September 24, 2020

screen capture of a Zoom call between Atlanta Fed regional executives and business executives and other community leaders

What is the state of the Southeast's pandemic economy?

There is no single answer. Rather, there's a patchwork of many economies feeling increasingly varied effects of the coronavirus pandemic, depending mainly on industry, location, and population density.

map of the Southeast United States showing location and frequency of REIN interviews

Those are the headline findings from the Federal Reserve Bank of Atlanta's latest round of conversations with business executives and other community leaders across the Reserve Bank's six-state district. Since July, interviews with nearly 300 contacts by the Atlanta Fed's Regional Economic Information Network (REIN) team also found uncertainty remains widespread about the trajectory of the virus and the localized impact on business (see the map indicating concentrations of REIN interviews). Recent results from the Survey of Business Uncertainty, described in this Atlanta Fed macroblog post, reiterate the persistence of this outlook among firms.

REIN team members' in-depth conversations are critical for numerous reasons, especially now.

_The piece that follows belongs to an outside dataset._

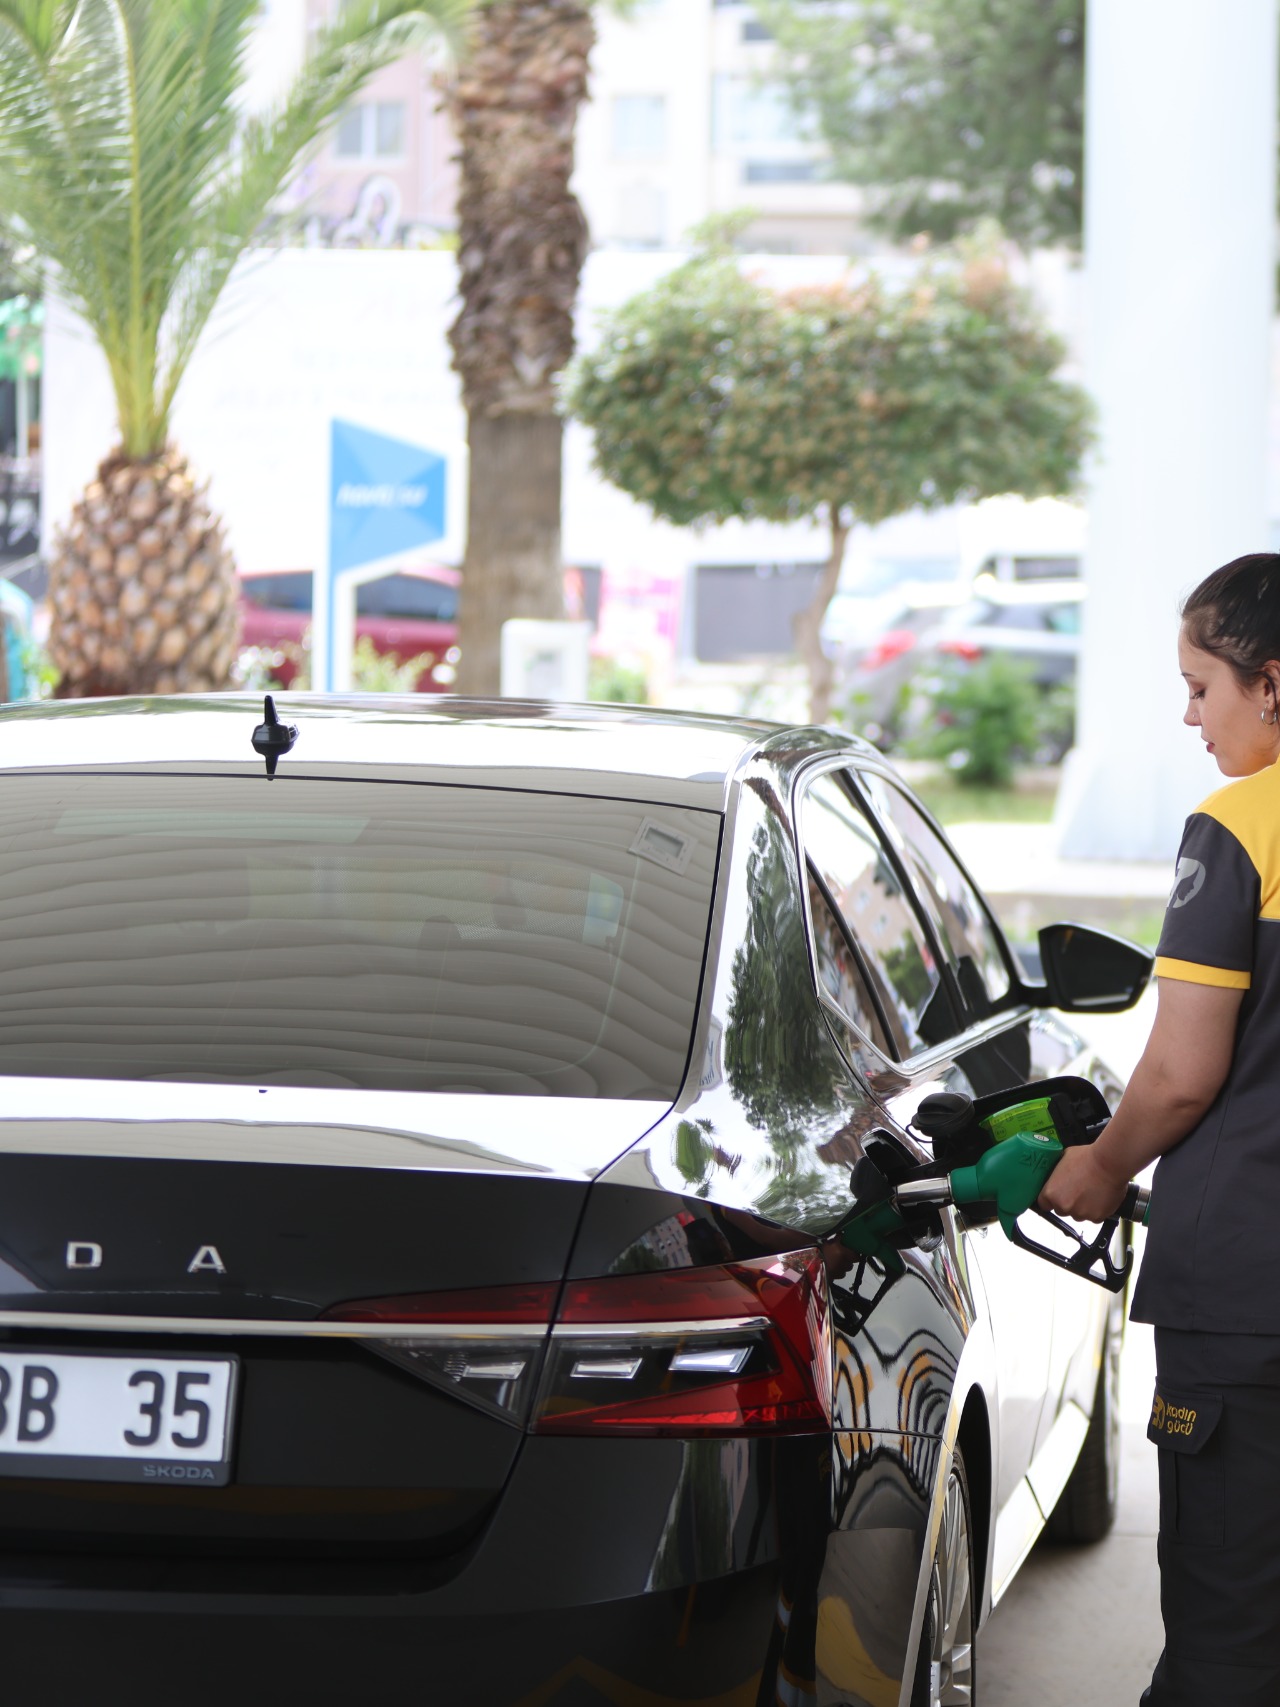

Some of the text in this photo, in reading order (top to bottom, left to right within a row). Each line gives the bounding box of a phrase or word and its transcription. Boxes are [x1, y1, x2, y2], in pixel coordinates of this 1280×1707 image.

[123, 1369, 211, 1449] 35
[1166, 1402, 1197, 1423] kadın
[1167, 1420, 1194, 1436] gücü

For one, checking in with the same large group throughout the public health crisis offers an evolving, real-time view of business conditions. Ongoing dialogue allowed the REIN staff to better understand the vast uncertainties that compelled many southeastern businesses. Ultimately, these conversations inform monetary policymaking, as grassroots intelligence from REIN helps Atlanta Fed president Raphael Bostic try to determine how and when the broad macroeconomy will recover.

Atlanta Fed president Raphael Bostic. Photo by David Fine
Atlanta Fed president
Raphael Bostic.
Photo by David Fine

In a July Economy Matters article, a REIN analysis of firms' experiences and expectations pointed to emerging bright spots shadowed by uncertainty. Since then, REIN staff have monitored the sputtering recovery and the forces shaping it, including the expiration of some Coronavirus Aid, Relief, and Economic Security (CARES) Act economic assistance, as well as plans for school reopening.

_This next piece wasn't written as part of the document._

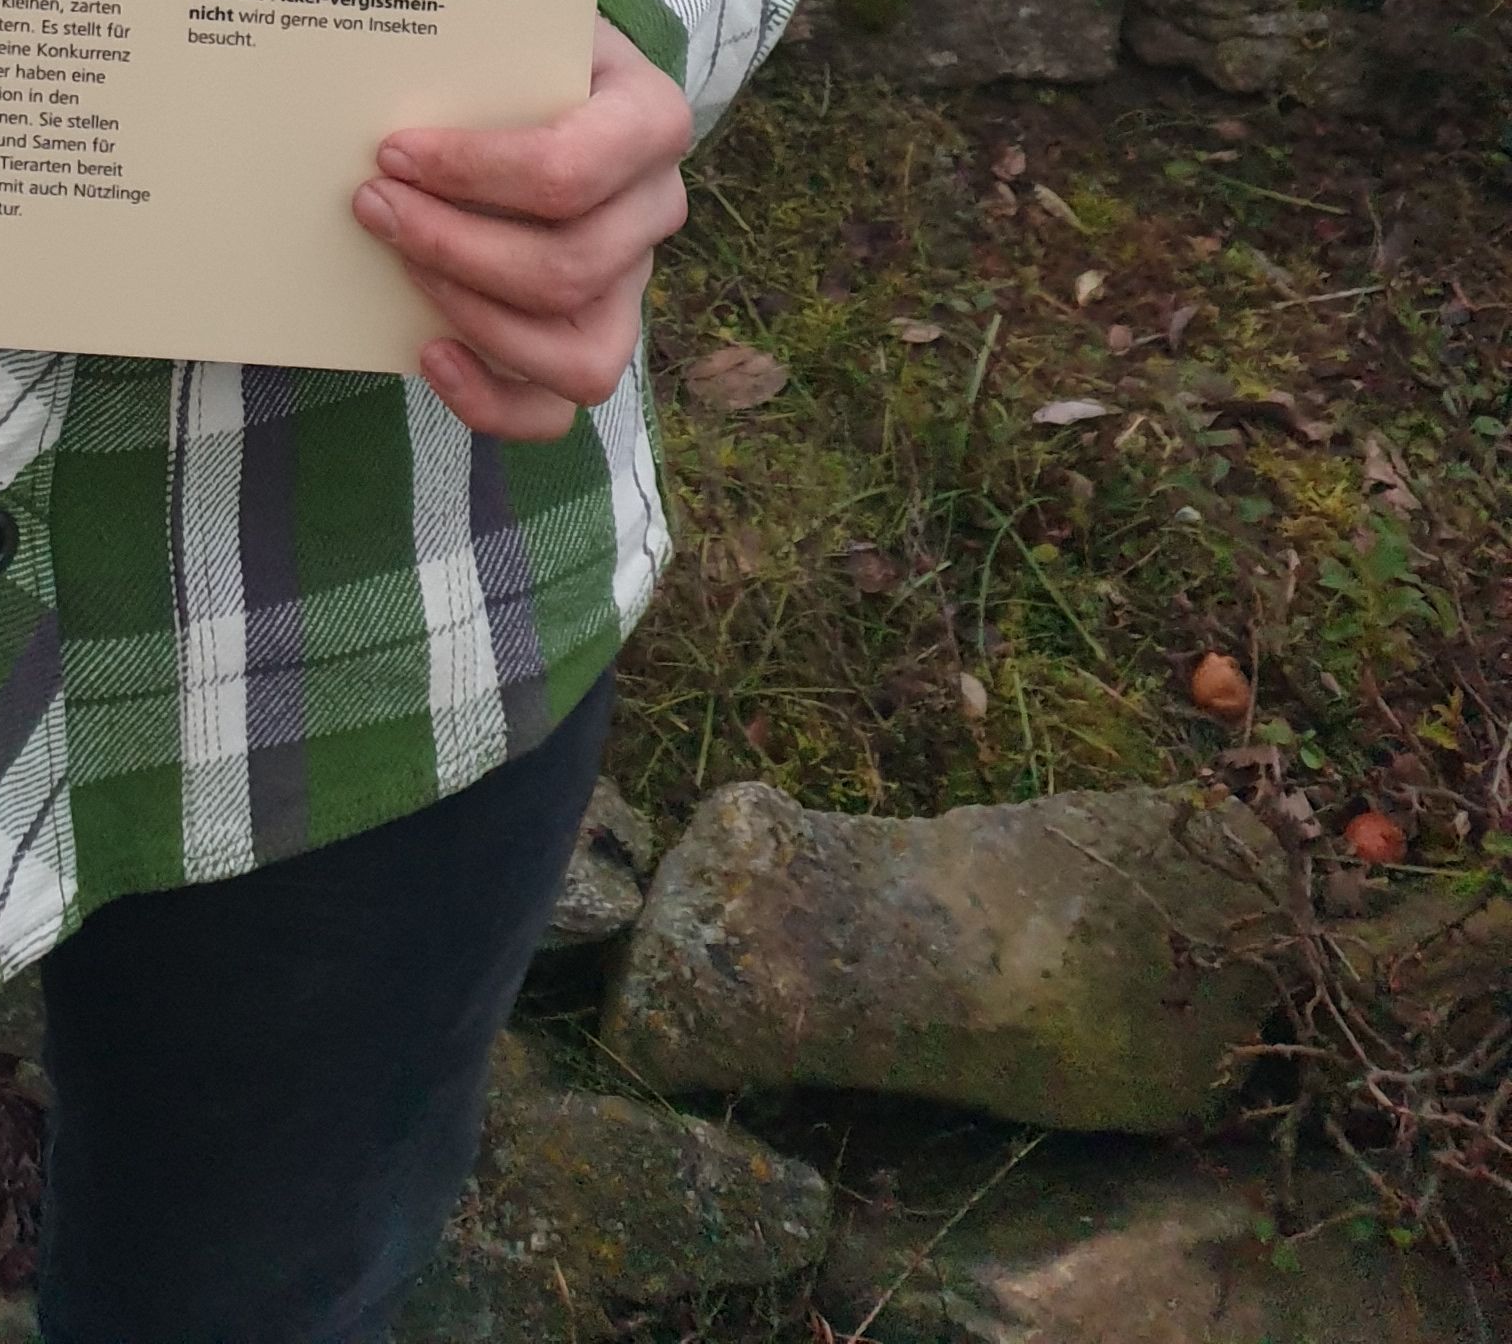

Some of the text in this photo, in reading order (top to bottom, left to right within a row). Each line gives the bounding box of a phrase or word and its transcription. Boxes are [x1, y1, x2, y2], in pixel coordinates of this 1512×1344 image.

Growing divergence in pandemic experience

Market demand has varied greatly across industries during the pandemic. Thriving sectors include makers and sellers of home and outdoor products and goods aimed at addressing health and safety concerns. Reports suggest that many prospering retailers have built on years-long trends of consumer preferences for strong, easy-to-use ecommerce platforms and other practices that engender customer loyalty. Residential real estate also remains strong, as homebuilders, real estate agents, and lenders all describe vibrant conditions across the Southeast.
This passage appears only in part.